La prescripción de que "sin el bautismo nadie puede alcanzar la salvación" planteó dudas sobre los apóstoles, que no fueron bautizados en el Señor. Tertuliano responde que, si sufrieron el bautismo humano de Juan, ya habían recibido el agua bautismal una vez, y el bautismo de Cristo es uno solo. También aborda la objeción de que Abraham agradó a Dios sin el bautismo de agua. El autor explica que, antes de la pasión y resurrección del Señor, la salvación se podía alcanzar por la "fe desnuda". Sin embargo, ahora que la fe se ha ampliado, se ha agregado el sellamiento del sacramento, y Jesús vinculó la fe a la necesidad del bautismo, declarando la ley: "Id a todas las naciones, y bautizadlas en el nombre del Padre, y del Hijo, y del Espíritu Santo".

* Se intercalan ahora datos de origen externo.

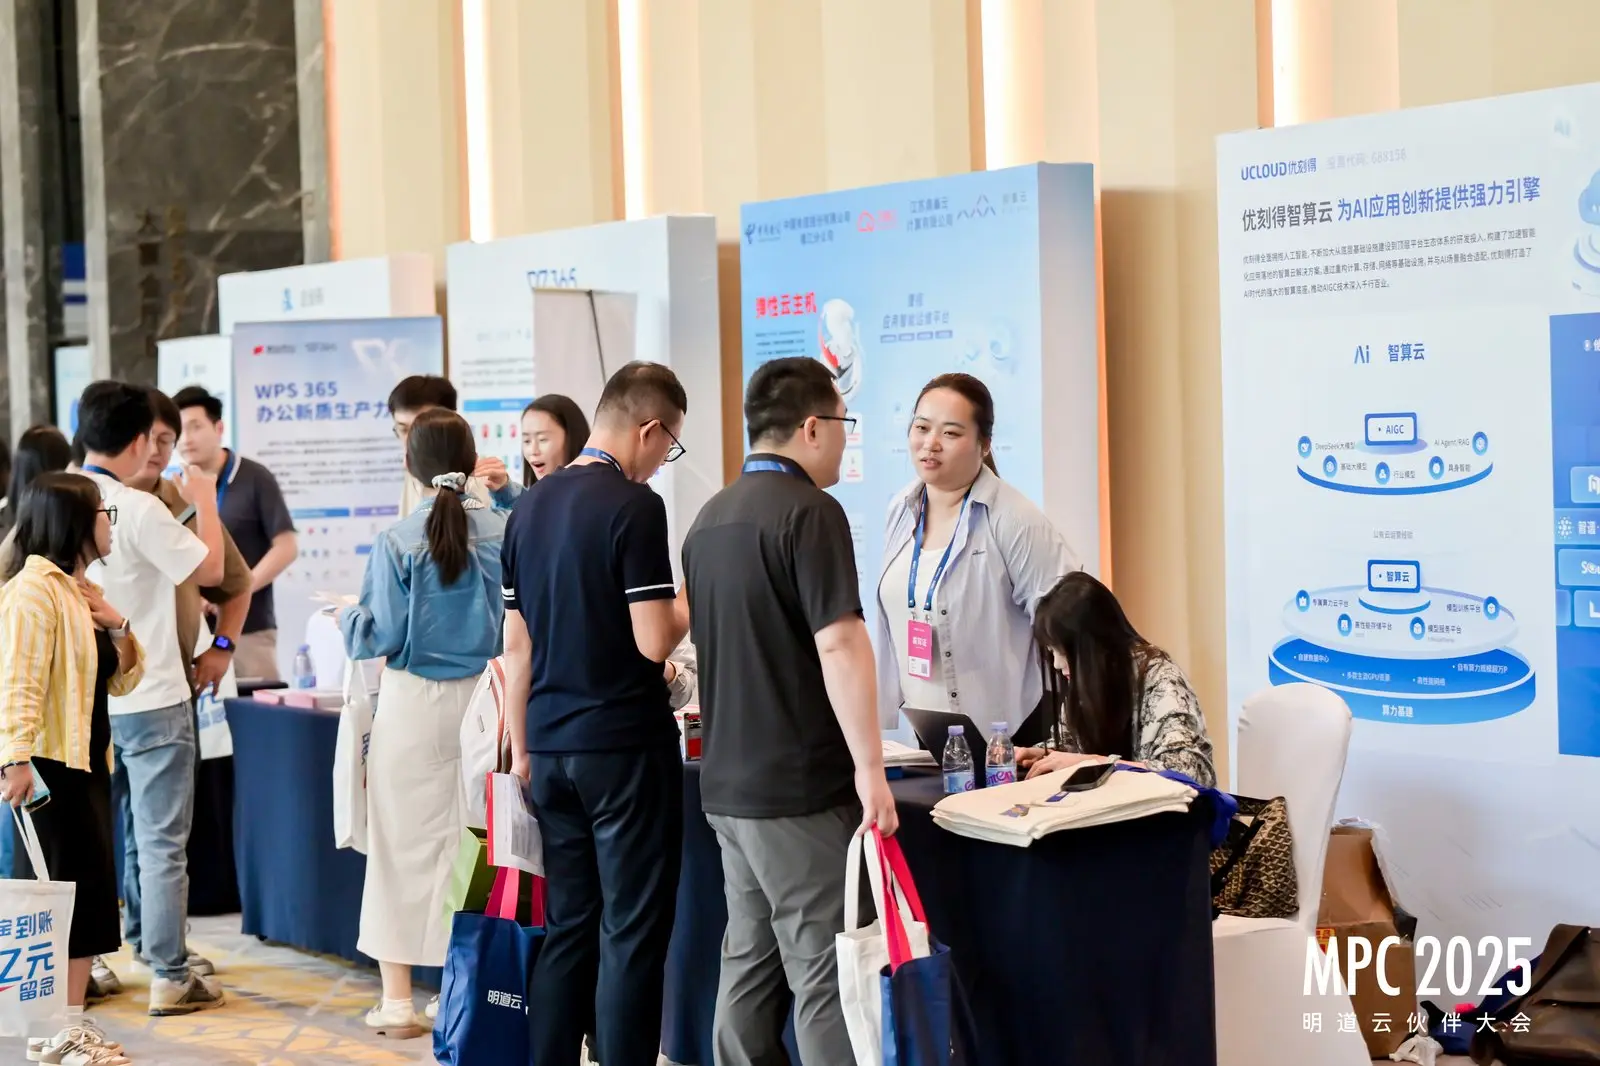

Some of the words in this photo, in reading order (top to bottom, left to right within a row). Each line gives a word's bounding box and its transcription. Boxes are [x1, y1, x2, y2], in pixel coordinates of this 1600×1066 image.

[1242, 201, 1333, 232] 优刻得智算云
[1337, 176, 1541, 222] 为AI应用创新提供强力引擎
[755, 292, 817, 319] 弹性云主机
[1388, 343, 1425, 362] 智算云
[254, 382, 298, 399] WPS
[304, 381, 338, 398] 365
[1386, 424, 1404, 435] AIGC
[1386, 570, 1411, 583] 智算云
[19, 975, 55, 1002] 留念
[488, 989, 522, 1009] 明道云

Tertuliano subraya la unidad del bautismo, afirmando que solo hay "Un bautismo, un Señor y una fe". Por esta razón, el bautismo realizado por los herejes no es el mismo que el cristiano, ya que ellos no comparten la misma disciplina o el mismo Dios. El bautismo cristiano también contrasta con el rito judío, en el que el israelí se baña diariamente porque diariamente se contamina, mientras que el agua cristiana "una vez se lava" para que los pecados no se repitan. A pesar de la singularidad del bautismo de agua, los cristianos tienen una segunda fuente de salvación: el bautismo de sangre (martirio). Este bautismo fue prefigurado por el Señor, quien vino "por medio de agua y sangre". El bautismo de sangre sustituye al baño fontal si no ha sido recibido, o lo restaura si se pierde.

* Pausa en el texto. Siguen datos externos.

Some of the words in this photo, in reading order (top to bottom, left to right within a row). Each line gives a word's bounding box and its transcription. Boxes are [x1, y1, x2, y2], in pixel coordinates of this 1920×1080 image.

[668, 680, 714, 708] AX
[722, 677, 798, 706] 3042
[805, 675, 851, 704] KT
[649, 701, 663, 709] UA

En cuanto a la administración, el derecho de conferir el bautismo pertenece al sumo sacerdote (el obispo), y subsidiariamente a los presbíteros y diáconos, por el honor de la Iglesia. No obstante, los laicos tienen derecho a administrarlo en casos de necesidad o urgencia, siempre que lo hagan con reverencia y modestia. Los tiempos más solemnes para conferir el bautismo son la Pascua y Pentecostés, aunque Tertuliano afirma que "cada día y cada hora son aptos", pues no hay distinción en la solemnidad, pero sí en la gracia. Quienes se preparan para recibir la gracia de Dios deben hacerlo con oraciones, ayunos y la confesión de todos los pecados pasados. Se aconseja prudencia en la administración, especialmente en el caso de los niños pequeños y solteros, prefiriendo la demora hasta que crezcan, decidan y sean capaces de conocer a Cristo y estar fortalecidos para la continencia. Finalmente, Tertuliano pide a quienes ascienden de la fuente de nuevo nacimiento que, al orar al Padre, tengan en cuenta a "Tertuliano el pecador".